The fixed-effect model is limited in examining SNPs with heterogeneity of effects. Therefore, we performed a sensitivity analysis using the PLEIO (Pleiotropic Locus Exploration and Interpretation using Optimal test) method.21 PLEIO is designed for cross-phenotype meta-analysis and can account for heritability, genetic correlation, and sample overlap. There is no established method for extrapolating Z-scores from PLEIO statistics. Therefore, we used the fixed-effect model statistics for subsequent analyses.

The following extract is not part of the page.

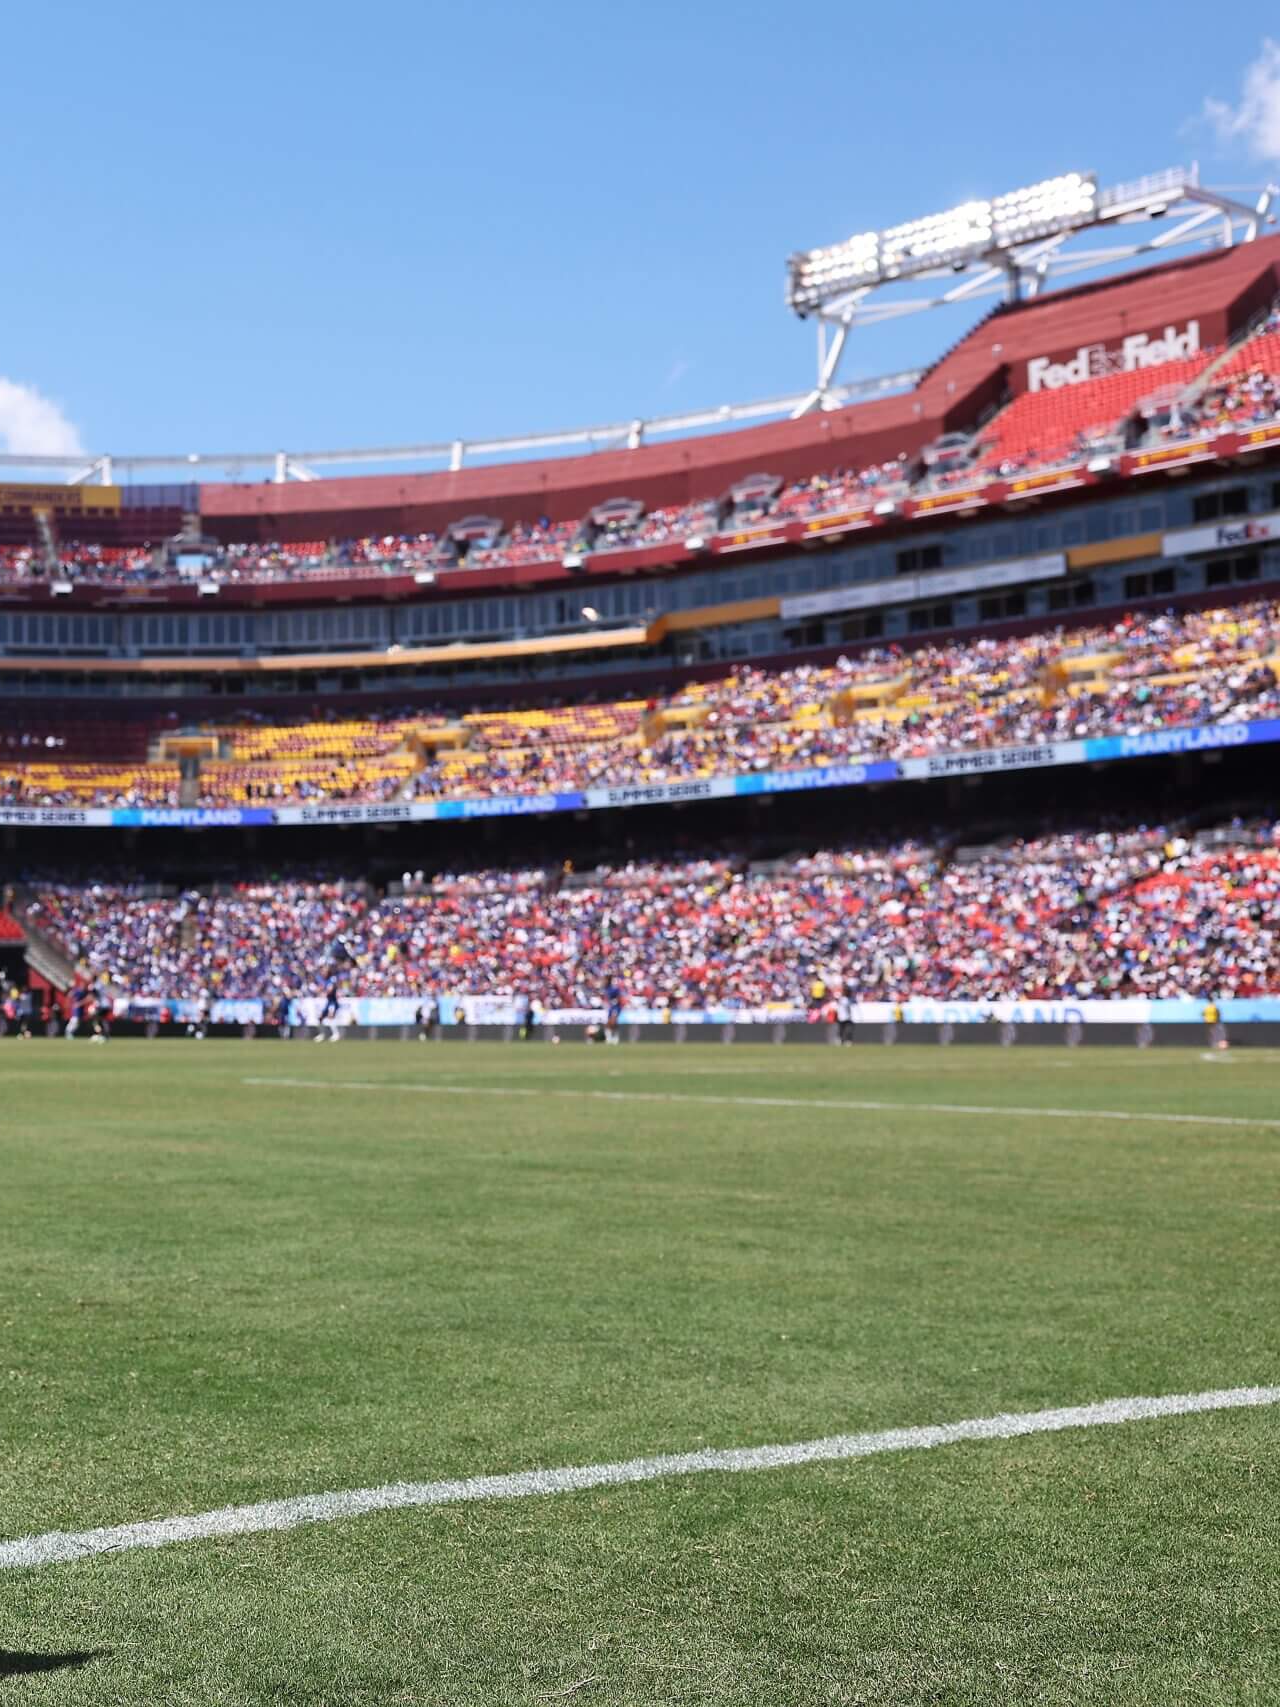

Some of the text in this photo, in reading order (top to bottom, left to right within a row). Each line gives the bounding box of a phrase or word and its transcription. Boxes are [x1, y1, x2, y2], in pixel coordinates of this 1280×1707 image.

Fine-Mapping and Credible Set Analyses
We prioritized the most likely causal SNPs from the cross-phenotype meta-analysis statistics by calculating the 99% credible sets using CARMA (CAusal Robust Mapping method with Annotations).22 These sets represent the smallest sets of SNPs with the probability of including the causal variant exceeding 99%. CARMA is a novel Bayesian model for fine-mapping that can better account for the uneven measurement of SNPs in each GWAS study of a meta-analysis, as well as the discrepancies between summary statistics and LD from external reference panels. We incorporated functional annotation into CARMA using the prior causal probabilities based on the meta-analysis of 15 UK Biobank traits from PolyFun (POLYgenic FUNctionally-informed fine-mapping).23
Tissue and Pathway Enrichment Analyses
We used two methods to prioritize the pathways and tissues that contribute to the pleiotropy of SSc and PBC: MAGMA (Multi-marker Analysis of GenoMic Annotation) and DEPICT (Data-driven Expression Prioritized Integration for Complex Traits).24-26 MAGMA and DEPICT perform enrichment analyses at pathway and tissue levels but use different approaches to associate loci with genes. MAGMA annotates SNPs based on their locations relative to genic regions (transcription start and stop sites +/-10 kb window). DEPICT prioritizes genes in a locus if genes in different loci have similar predicted functions. We reported the Bonferroni-corrected p values.
Colocalization between SSc and PBC
We performed colocalization analyses between SSc and PBC in loci that are significant in the cross-phenotype meta-analysis with the fixed-effect model. Colocalization analyses infer the probability that a single genetic variant is causal to both traits of interest – SSc and PBC. We performed colocalization using the Wakefield’s method from the R package “coloc”.27 For loci with independent signals in the conditional analysis (p < 5 × 10-8), we performed additional colocalization analyses using statistics from the conditional analyses. Evidence of colocalization was defined as at least one signal with a colocalization probability (PP4) above 70%.
Colocalization between Meta-Analysis Statistics and eQTL/pQTL Datasets
We prioritized loci that met the following criteria for additional colocalization analyses: (1) lead SNPs without evidence of heterogeneity (Phet ≥ 0.05); (2) significant in the fixed-effect cross-phenotype meta-analysis; and (3) colocalized between SSc and PBC. We performed colocalization analyses between the SSc-PBC meta-analysis statistics of these loci and cis-eQTL and cis-pQTL datasets to predict transcripts or proteins associated with the genomic signal. For the eQTL colocalization analyses, we included relevant tissues and cells, including blood, skin, lung, liver, and immune cells. We first screened genes using SNPs in that locus’s 99% credible set to query the eQTL databases. Next, we selected genes with significant eQTL signals for the colocalization analyses. For loci that colocalized with a cis-pQTL signal, we performed additional colocalization analyses between the meta-analysis statistics and trans-pQTLs measured at that locus to investigate the downstream effects of the candidate causal gene. A colocalization probability (PP4) above 70% was used as the significance threshold, and 50% as the suggestive threshold.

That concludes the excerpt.